About this task => Your reply should reproduce each record precisely as written.

(Source material)

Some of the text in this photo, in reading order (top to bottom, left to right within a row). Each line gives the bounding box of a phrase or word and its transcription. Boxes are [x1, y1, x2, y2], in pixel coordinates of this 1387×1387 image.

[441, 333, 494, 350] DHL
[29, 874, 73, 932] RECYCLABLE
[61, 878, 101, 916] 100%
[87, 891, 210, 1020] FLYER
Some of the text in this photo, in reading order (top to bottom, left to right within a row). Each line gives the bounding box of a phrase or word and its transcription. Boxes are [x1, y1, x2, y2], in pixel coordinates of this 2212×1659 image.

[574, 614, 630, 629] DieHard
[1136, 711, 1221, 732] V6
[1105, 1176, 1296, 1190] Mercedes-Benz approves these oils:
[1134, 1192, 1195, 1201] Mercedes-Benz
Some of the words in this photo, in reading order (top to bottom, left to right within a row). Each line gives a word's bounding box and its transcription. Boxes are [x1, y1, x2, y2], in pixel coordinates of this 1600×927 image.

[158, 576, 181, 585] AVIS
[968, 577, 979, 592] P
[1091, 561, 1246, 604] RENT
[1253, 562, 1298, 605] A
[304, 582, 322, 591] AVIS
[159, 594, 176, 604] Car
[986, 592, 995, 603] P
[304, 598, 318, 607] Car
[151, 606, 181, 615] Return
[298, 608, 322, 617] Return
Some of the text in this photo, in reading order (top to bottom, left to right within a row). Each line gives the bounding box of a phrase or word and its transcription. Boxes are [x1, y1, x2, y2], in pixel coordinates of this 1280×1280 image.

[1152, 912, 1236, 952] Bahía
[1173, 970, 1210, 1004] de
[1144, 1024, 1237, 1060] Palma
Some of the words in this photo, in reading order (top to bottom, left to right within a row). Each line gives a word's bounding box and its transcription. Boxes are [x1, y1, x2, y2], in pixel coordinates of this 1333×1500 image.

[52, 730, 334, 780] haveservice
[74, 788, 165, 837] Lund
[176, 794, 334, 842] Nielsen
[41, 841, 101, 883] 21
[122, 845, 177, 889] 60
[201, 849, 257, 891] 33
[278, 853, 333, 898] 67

(End Source material)

Result for this task =>
Some of the text in this photo, in reading order (top to bottom, left to right within a row). Each line gives the bounding box of a phrase or word and its transcription. Boxes are [x1, y1, x2, y2], in pixel coordinates of this 1387×1387 image.

[441, 333, 494, 350] DHL
[29, 874, 73, 932] RECYCLABLE
[61, 878, 101, 916] 100%
[87, 891, 210, 1020] FLYER
Some of the text in this photo, in reading order (top to bottom, left to right within a row). Each line gives the bounding box of a phrase or word and its transcription. Boxes are [x1, y1, x2, y2], in pixel coordinates of this 2212×1659 image.

[574, 614, 630, 629] DieHard
[1136, 711, 1221, 732] V6
[1105, 1176, 1296, 1190] Mercedes-Benz approves these oils:
[1134, 1192, 1195, 1201] Mercedes-Benz
Some of the words in this photo, in reading order (top to bottom, left to right within a row). Each line gives a word's bounding box and its transcription. Boxes are [x1, y1, x2, y2], in pixel coordinates of this 1600×927 image.

[158, 576, 181, 585] AVIS
[968, 577, 979, 592] P
[1091, 561, 1246, 604] RENT
[1253, 562, 1298, 605] A
[304, 582, 322, 591] AVIS
[159, 594, 176, 604] Car
[986, 592, 995, 603] P
[304, 598, 318, 607] Car
[151, 606, 181, 615] Return
[298, 608, 322, 617] Return
Some of the text in this photo, in reading order (top to bottom, left to right within a row). Each line gives the bounding box of a phrase or word and its transcription. Boxes are [x1, y1, x2, y2], in pixel coordinates of this 1280×1280 image.

[1152, 912, 1236, 952] Bahía
[1173, 970, 1210, 1004] de
[1144, 1024, 1237, 1060] Palma
Some of the words in this photo, in reading order (top to bottom, left to right within a row). Each line gives a word's bounding box and its transcription. Boxes are [x1, y1, x2, y2], in pixel coordinates of this 1333×1500 image.

[52, 730, 334, 780] haveservice
[74, 788, 165, 837] Lund
[176, 794, 334, 842] Nielsen
[41, 841, 101, 883] 21
[122, 845, 177, 889] 60
[201, 849, 257, 891] 33
[278, 853, 333, 898] 67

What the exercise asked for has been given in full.